Scientists are investigating how epigenetic mechanisms, which regulate gene expression without changing DNA sequences, influence HIV’s long-term effects and how these mechanisms can be targeted to improve treatment for HIV disease
One of the major goals of the EPIVINF project is the investigation of the epigenetic changes associated with Long COVID-19, aiming to understand the lasting neurological symptoms that some patients experience after SARS-CoV-2 infection. To identify predictive biomarkers of Long COVID disease and disease progression and to identify potential therapeutic targets for people affected by Long COVID, it is fundamental to understand the mechanisms involved in the pathological processes of the Central Nervous System (CNS) seen in Long COVID). The uniqueness of the study lies in the comprehensive neuro-evaluation and multi-omics analysis of Long Covid, including simultaneous brain MRI, CSF and peripheral blood analyses.
Symptoms that persist for months
Long COVID refers to a clinical condition where patients continue to experience symptoms weeks or even months after recovering from the acute phase of SARS-CoV-2 infection. These symptoms are variable and can include fatigue, muscle pain, and cognitive impairments such as memory loss and concentration issues, commonly referred to as “brain fog.” Around 10% of COVID-19 patients are affected by these symptoms.

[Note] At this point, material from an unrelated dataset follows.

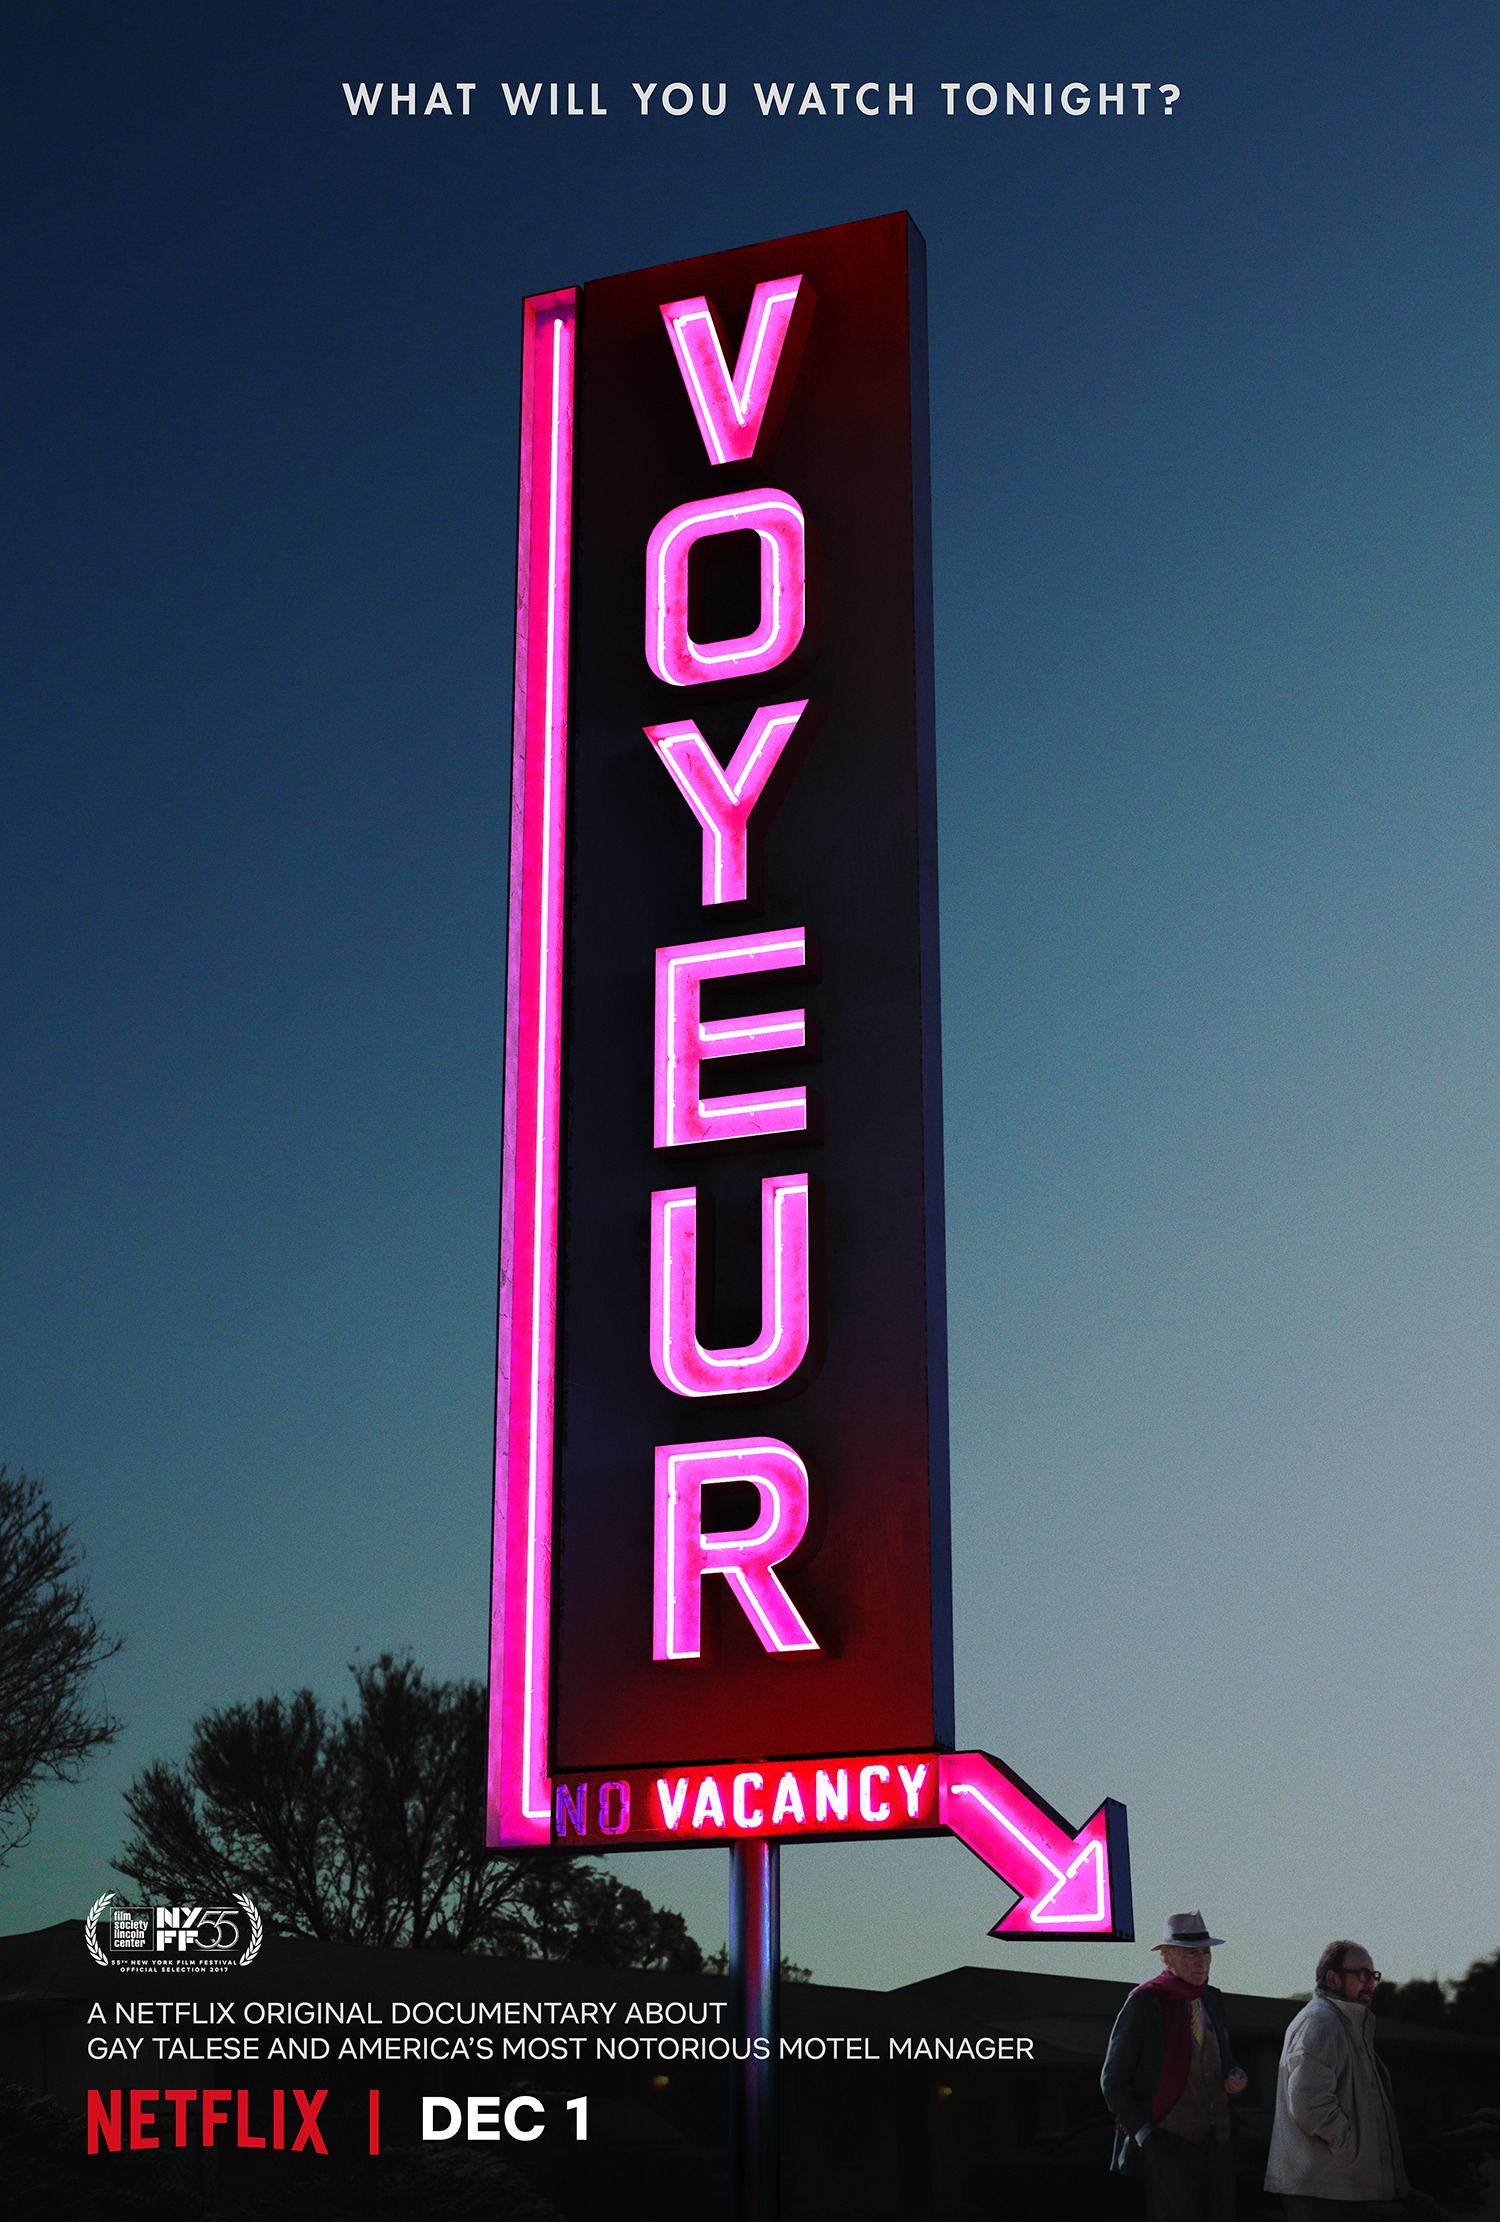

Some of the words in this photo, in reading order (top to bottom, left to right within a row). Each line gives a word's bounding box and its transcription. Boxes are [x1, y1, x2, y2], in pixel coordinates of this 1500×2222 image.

IrsiCaixa in collaboration with Fundació Lluita contra les Infeccions, are analysing how SARS-CoV-2 infection may trigger long-term changes in gene expression through epigenetic mechanisms and how these processes contribute to LongCovid. Researchers aim to understand how these alterations contribute to neurological manifestations, such as headaches, anosmia (loss of smell), dizziness, and cognitive difficulties. Moreover, the study differentiates between individuals infected before and after the OMICRON variant, to understand the impact of vaccination and viral variants on neurological effects.
Lumbar punctures are essential for this study
To date, the research team has enrolled 41 participants, aged 40-50, who have undergone an extensive battery of tests, including cognitive evaluations, electroencephalograms (EEGs), and challenging lumbar punctures to extract the volume of 30ml of cerebrospinal fluid (CSF). These CSF samples, which contain important soluble and cellular signals from the central nervous system, are critical to understand the immunological components of LongCovid in the CNS. Thus, the investigation derived from CSF samples and brain imaging will provide a direct window into potential changes in the CNS that are not resolved after acute SARS-CoV-2 infection.
By analysing these very unique biological samples using an equally innovative set of analyses, the study aims to determine whether epigenetic changes, such as DNA methylation, contribute to long-term neurological symptoms in COVID-19 patients. These changes could explain why some individuals experience persistent symptoms even after the virus has been cleared from their bodies and offer novel opportunities for treatment.
Integrating Multi-Omics to uncover Long COVID mechanisms
In collaboration with Centre Nacional d’Anàlisi Genòmica (CNAG), the project is now using advanced methods of single cell sequencing, TCR analyses and proteomics to investigate epigenetic, immune, and proteomic changes in Long Covid.